- Exercise -
Could every line of the listing be output exactly, with the pictures skipped?

_ _ _ _ _

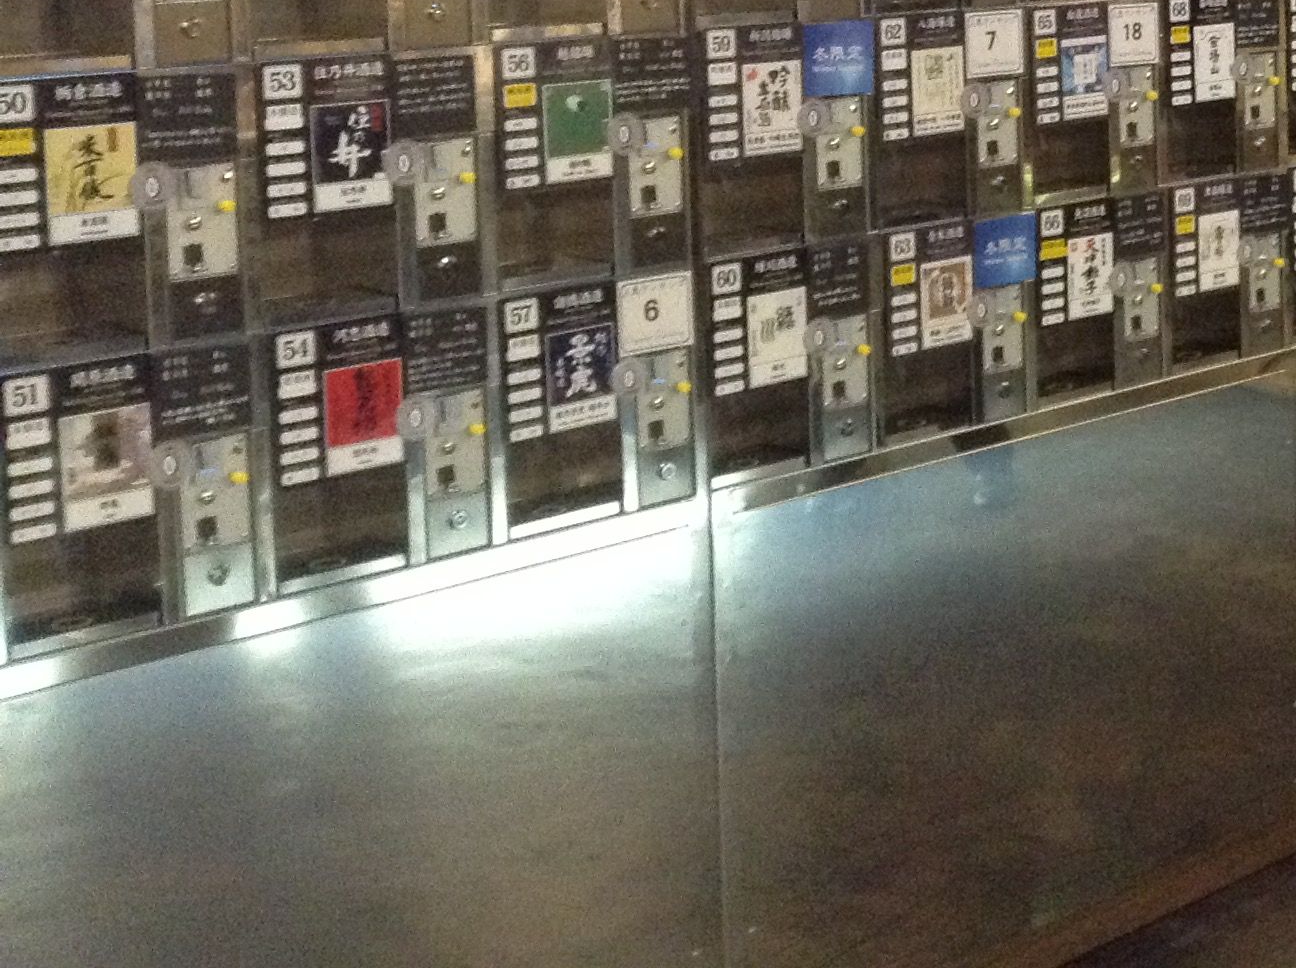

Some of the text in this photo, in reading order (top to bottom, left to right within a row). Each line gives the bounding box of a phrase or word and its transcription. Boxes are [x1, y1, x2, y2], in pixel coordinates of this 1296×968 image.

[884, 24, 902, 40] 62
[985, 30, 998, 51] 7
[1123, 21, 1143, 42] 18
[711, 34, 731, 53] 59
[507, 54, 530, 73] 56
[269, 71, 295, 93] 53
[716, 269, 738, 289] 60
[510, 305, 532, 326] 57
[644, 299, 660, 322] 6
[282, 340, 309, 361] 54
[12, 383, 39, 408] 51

_ _ _ _ _

- Finished task -
Some of the text in this photo, in reading order (top to bottom, left to right within a row). Each line gives the bounding box of a phrase or word and its transcription. Boxes are [x1, y1, x2, y2], in pixel coordinates of this 1296×968 image.

[884, 24, 902, 40] 62
[985, 30, 998, 51] 7
[1123, 21, 1143, 42] 18
[711, 34, 731, 53] 59
[507, 54, 530, 73] 56
[269, 71, 295, 93] 53
[716, 269, 738, 289] 60
[510, 305, 532, 326] 57
[644, 299, 660, 322] 6
[282, 340, 309, 361] 54
[12, 383, 39, 408] 51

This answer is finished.